Australia recorded its highest number of Indigenous deaths in custody in 40 years between July 2024 and June 2025, the Australian Institute of Criminology said Wednesday.

Thirty-three Aboriginal and Torres Strait Islander people died in custody during the period, almost double the average since 1989-90, out of a total of 113 deaths, the report said.

Indigenous deaths made up 29% of all deaths in custody, marking a 23% rise from 2023-24 and the highest proportion since 2002-03.

New South Wales recorded the highest number of Indigenous deaths in prison custody.

Natasha Ugle, whose husband, Wayne Ugle, died in Perth’s Hakea Prison in November 2023, said the rate of deaths was “terrible” and felt like “a weekly thing now”.

“I’m on the Hakea Prison Facebook page and people are messaging me and they’re saying, ‘another death in custody, another death in custody’, it’s just too much sometimes,” she said.

“The first couple of months after Wayne passed away and there were still more deaths in custody, I just couldn’t handle it any more. I was just too emotional because you know, nothing has changed. We go and we do all these rallies, we do all these marches, we stand up there, we speak for our people, we try and get change and ask for change but nothing happens.”

Noongar man Wayne Ugle died in custody after being arrested by police and taken to Hakea prison in Perth in November 2023

Noongar man Wayne Ugle died in custody after being arrested by police and taken to Hakea prison in Perth in November 2023. Photograph: Natasha Ugle

Natasha and her husband had been married for more than 25 years, and had three biological children and six foster children. The coroner is yet to hold an inquest into his death.

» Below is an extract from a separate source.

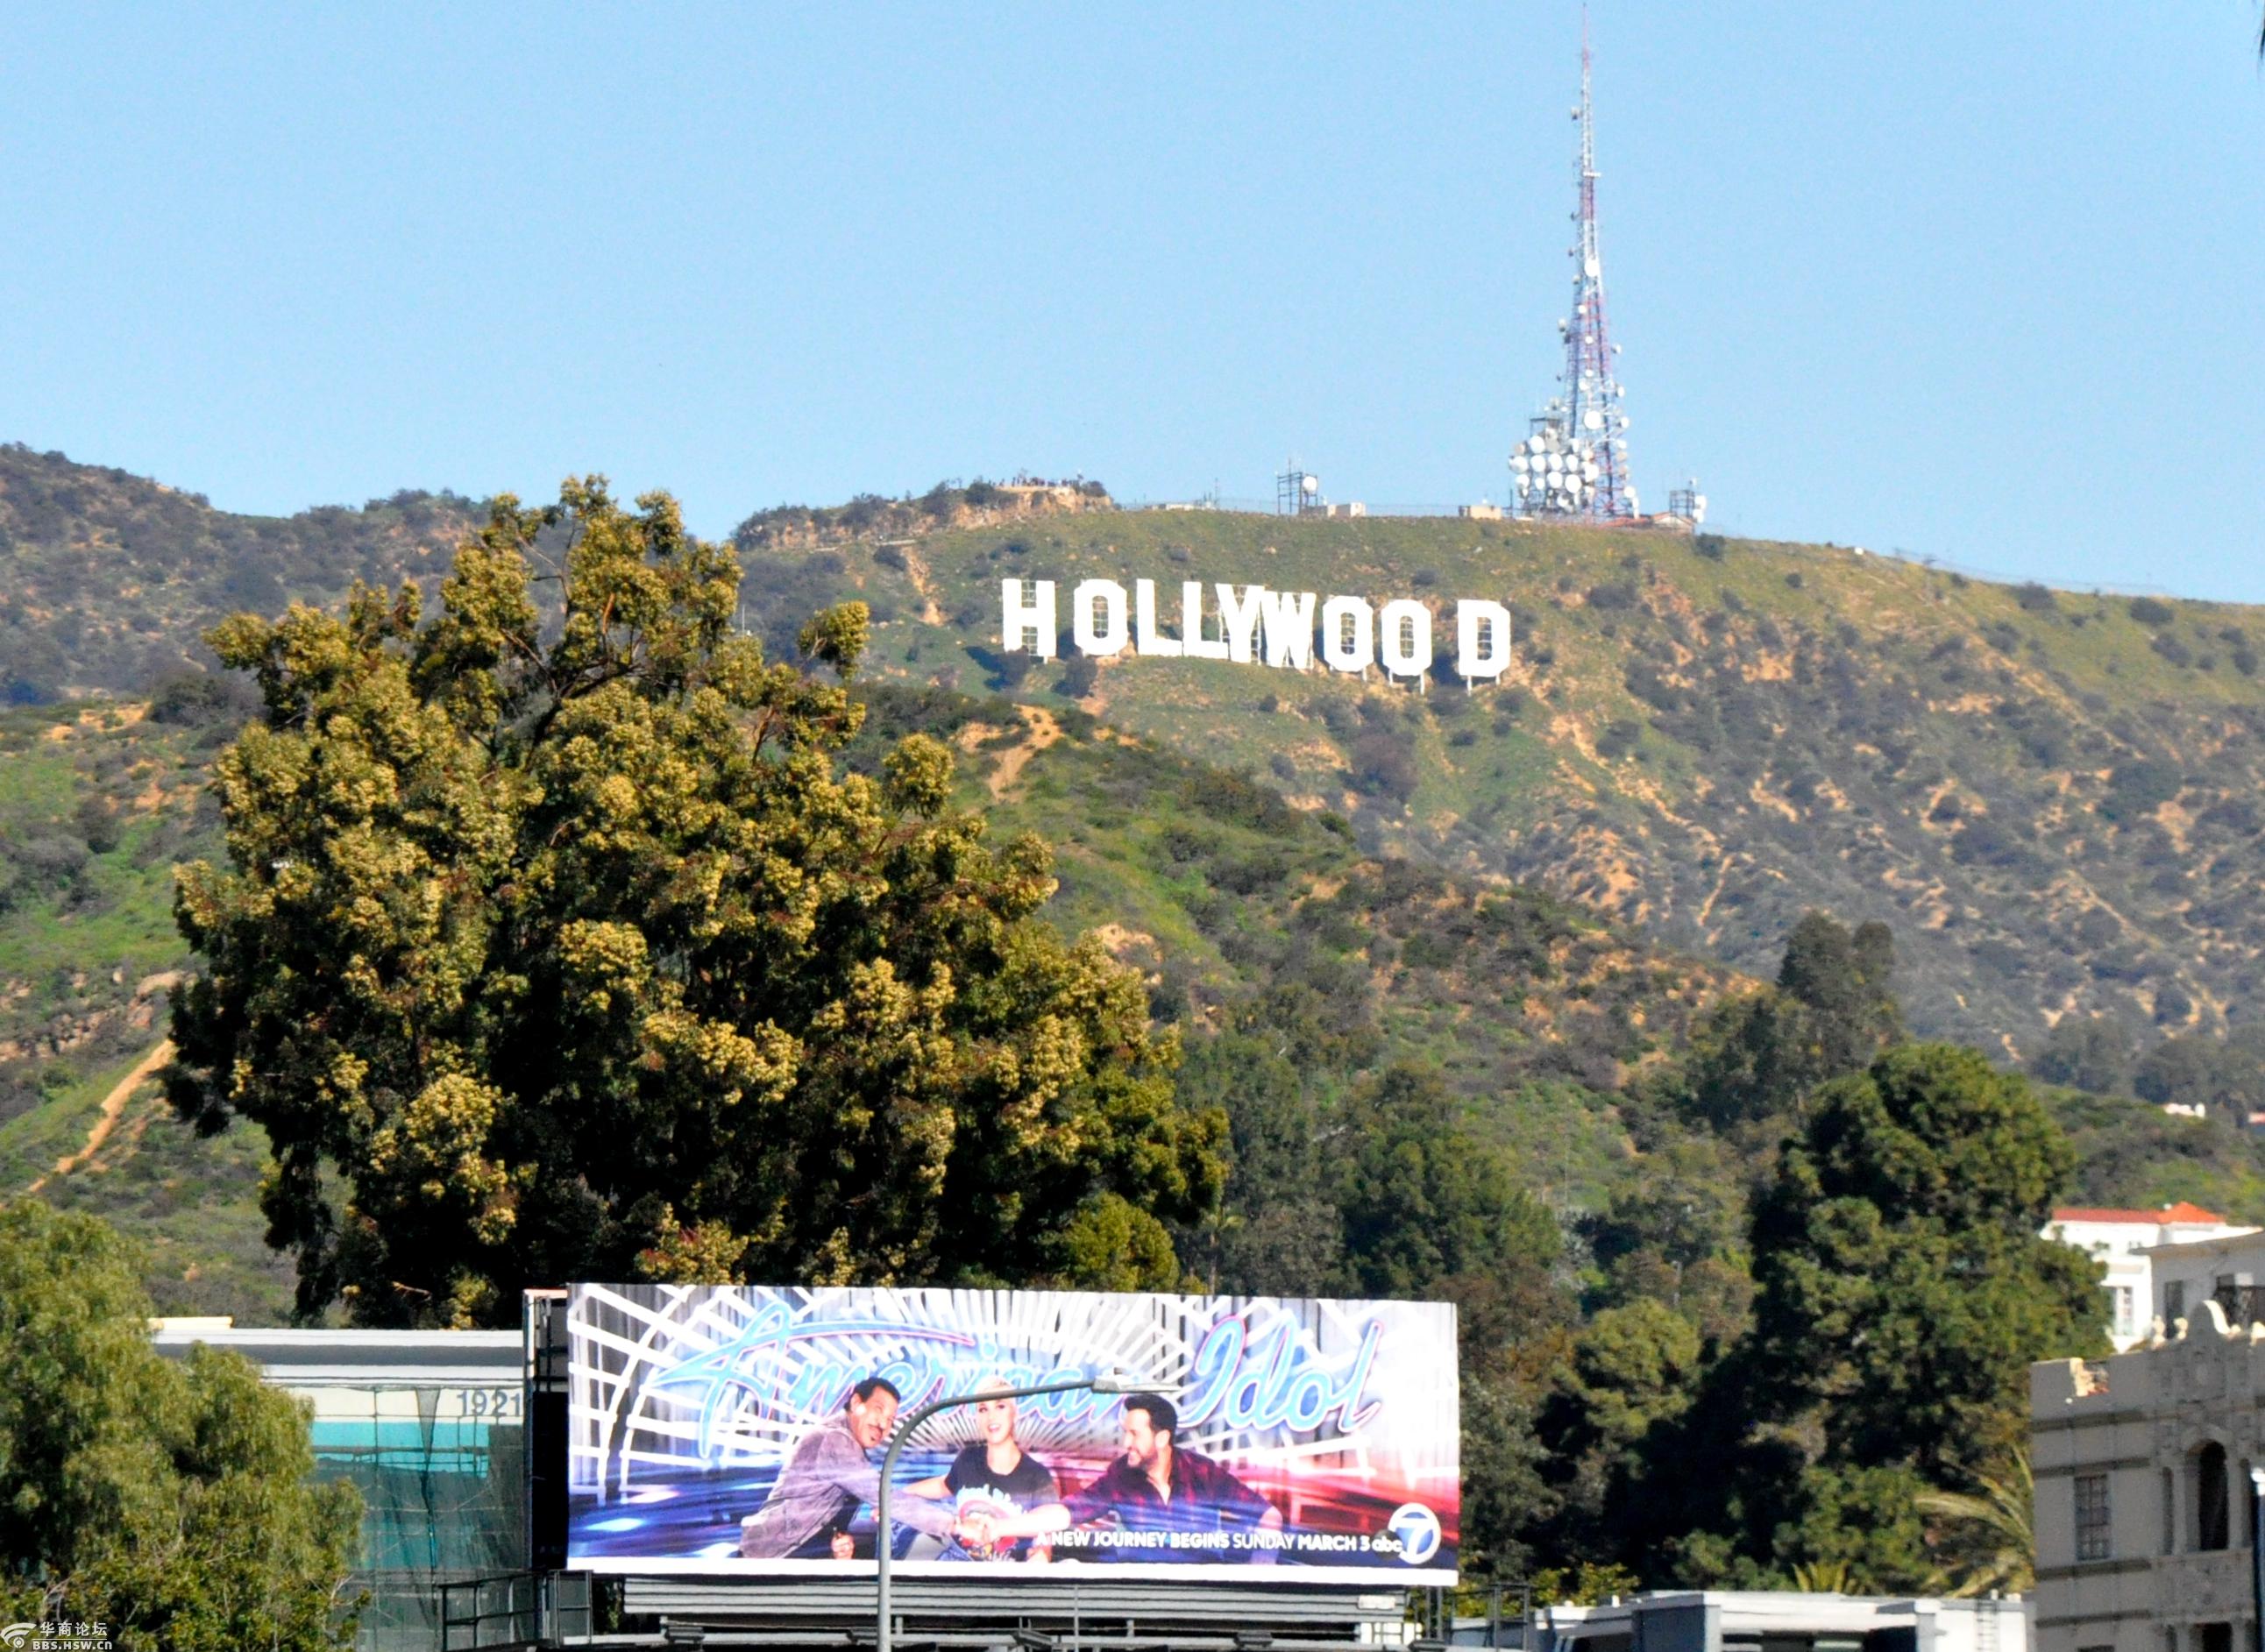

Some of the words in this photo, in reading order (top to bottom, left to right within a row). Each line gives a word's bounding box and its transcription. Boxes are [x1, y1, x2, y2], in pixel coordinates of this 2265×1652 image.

Natasha Ugle said it felt like the words of Indigenous families were falling on deaf ears.

“No one listens and no one cares,” she said. “Something really needs to be changed because we are still getting deaths, after deaths, after deaths.”

The CEO of the Victorian Aboriginal Legal Service, Nerita Waight, said many of the deaths were preventable, and that “racist policing practices and harmful systems built on oppression” continued to fail First Nations families and communities.

“It is an extremely painful truth that right now we are experiencing the highest rate of Aboriginal deaths in custody in over four decades,” Waight said. “The reality is that police and prison custody is not a safe place for Aboriginal people. This is what the royal commission into Aboriginal Deaths in Custody found in 1991.”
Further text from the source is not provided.